• _EXERCISE DETAILS_:
Please print every record exactly as it stands, leaving out the pictures.

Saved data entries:
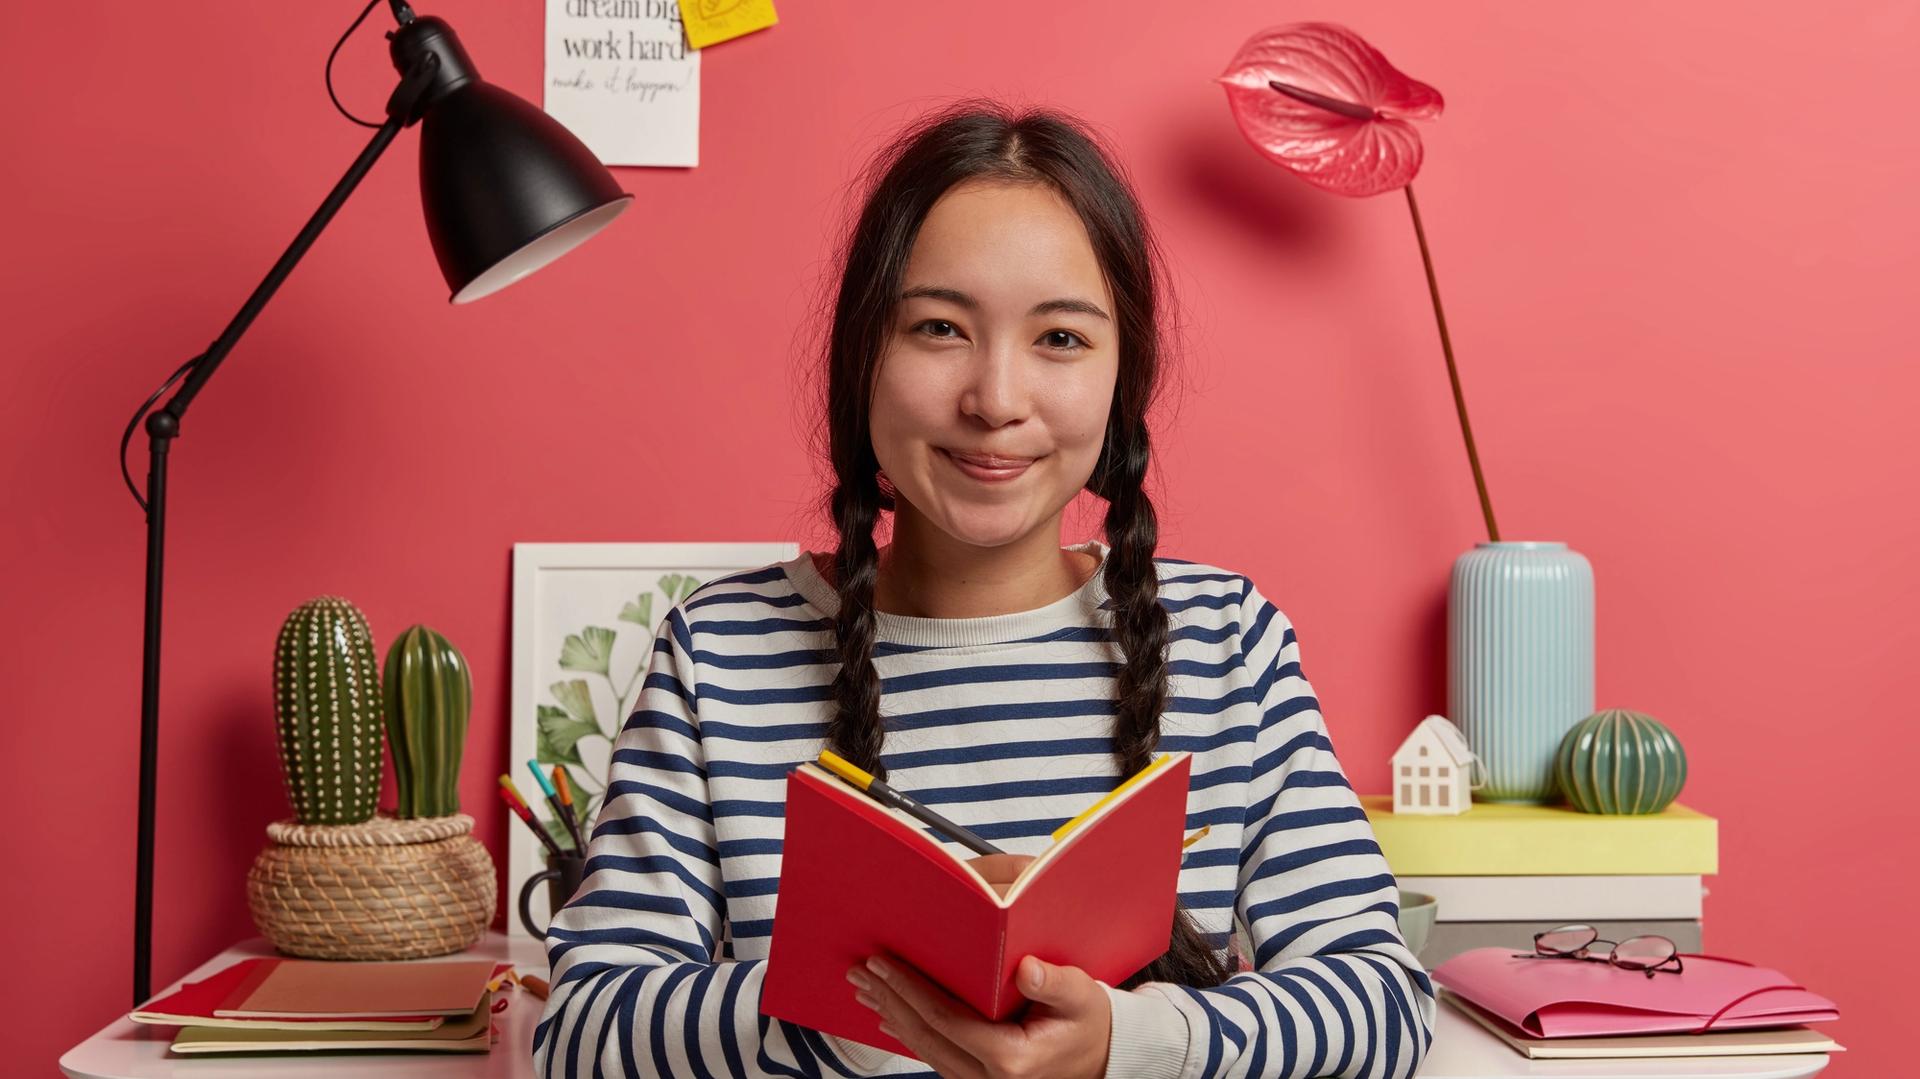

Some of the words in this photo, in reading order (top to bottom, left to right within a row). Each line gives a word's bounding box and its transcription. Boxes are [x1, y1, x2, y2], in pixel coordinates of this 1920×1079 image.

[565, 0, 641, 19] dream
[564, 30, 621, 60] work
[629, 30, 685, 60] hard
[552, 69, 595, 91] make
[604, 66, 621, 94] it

• _ANSWER TO THIS PROBLEM_:
Some of the words in this photo, in reading order (top to bottom, left to right within a row). Each line gives a word's bounding box and its transcription. Boxes are [x1, y1, x2, y2], in pixel coordinates of this 1920×1079 image.

[565, 0, 641, 19] dream
[564, 30, 621, 60] work
[629, 30, 685, 60] hard
[552, 69, 595, 91] make
[604, 66, 621, 94] it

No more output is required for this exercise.